Apologies I only just noticed the alerts on this thread… let me see if I can reproduce this issue.

I am currently using the following versions on my Mac:

VirtualBox: 6.1.12
Vagrant: 2.2.9
Vagrant Plugins:
vagrant-host-shell (0.0.4, global)
vagrant-sshfs (1.3.5, global)

When I run ‘vagrant up’ it does mount the shared folders, for me at least!

A note on the vbguest plugin logic, I forcibly removed the plugin from the host because it installs the vbguest additions on the VM and this was (at least at the time), breaking the guest additions that are already installed on the chosen vbox image. So we didn’t need the plugin.

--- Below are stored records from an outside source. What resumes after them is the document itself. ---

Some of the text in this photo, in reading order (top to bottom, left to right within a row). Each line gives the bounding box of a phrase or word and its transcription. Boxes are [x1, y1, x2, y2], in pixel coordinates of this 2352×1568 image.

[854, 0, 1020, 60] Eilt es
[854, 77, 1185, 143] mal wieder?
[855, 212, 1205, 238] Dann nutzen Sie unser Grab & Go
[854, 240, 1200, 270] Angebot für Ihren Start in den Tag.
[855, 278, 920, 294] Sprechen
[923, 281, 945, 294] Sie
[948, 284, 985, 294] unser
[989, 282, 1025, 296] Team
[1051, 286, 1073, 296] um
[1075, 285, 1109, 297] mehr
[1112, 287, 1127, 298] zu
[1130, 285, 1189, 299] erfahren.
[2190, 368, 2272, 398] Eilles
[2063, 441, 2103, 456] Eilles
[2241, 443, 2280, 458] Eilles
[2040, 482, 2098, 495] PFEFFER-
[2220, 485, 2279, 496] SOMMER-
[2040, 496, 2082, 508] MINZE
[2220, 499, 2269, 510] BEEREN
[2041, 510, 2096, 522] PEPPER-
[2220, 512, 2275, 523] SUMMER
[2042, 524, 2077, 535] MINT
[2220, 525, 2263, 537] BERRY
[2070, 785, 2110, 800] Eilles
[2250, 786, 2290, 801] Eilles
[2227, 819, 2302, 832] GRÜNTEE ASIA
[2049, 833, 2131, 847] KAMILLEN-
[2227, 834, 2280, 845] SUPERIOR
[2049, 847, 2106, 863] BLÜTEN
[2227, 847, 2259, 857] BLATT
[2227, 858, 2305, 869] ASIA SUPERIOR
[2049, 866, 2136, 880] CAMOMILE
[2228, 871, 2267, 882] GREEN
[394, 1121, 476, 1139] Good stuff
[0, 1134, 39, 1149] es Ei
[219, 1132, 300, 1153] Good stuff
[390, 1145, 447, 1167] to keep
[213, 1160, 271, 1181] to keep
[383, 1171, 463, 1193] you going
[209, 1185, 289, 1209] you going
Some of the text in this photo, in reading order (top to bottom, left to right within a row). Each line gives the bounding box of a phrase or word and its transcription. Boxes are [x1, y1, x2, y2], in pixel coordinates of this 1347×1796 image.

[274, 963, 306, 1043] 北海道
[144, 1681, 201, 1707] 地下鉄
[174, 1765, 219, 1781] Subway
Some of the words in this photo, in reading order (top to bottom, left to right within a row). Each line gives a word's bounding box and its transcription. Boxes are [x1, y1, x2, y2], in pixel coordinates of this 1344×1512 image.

A failure to mount shared folders is often an issue with the Virtualbox Extension Pack on the host side which should be installed by default now and usually require a host restart to load the underlying vbfs filesystem drivers. I’ve certainly seen and been frustrated by issues here in the past.

It has also happened in the past that Vagrant and VirtualBox have gotten out of step release-wise and this has caused additional similar issues.

Let me also try updating to latest and greatest everything and see if there’s an issue there. I tend to use vagrant and virtualbox on a daily basis for work so tend to shy away from updating too often for the above reason.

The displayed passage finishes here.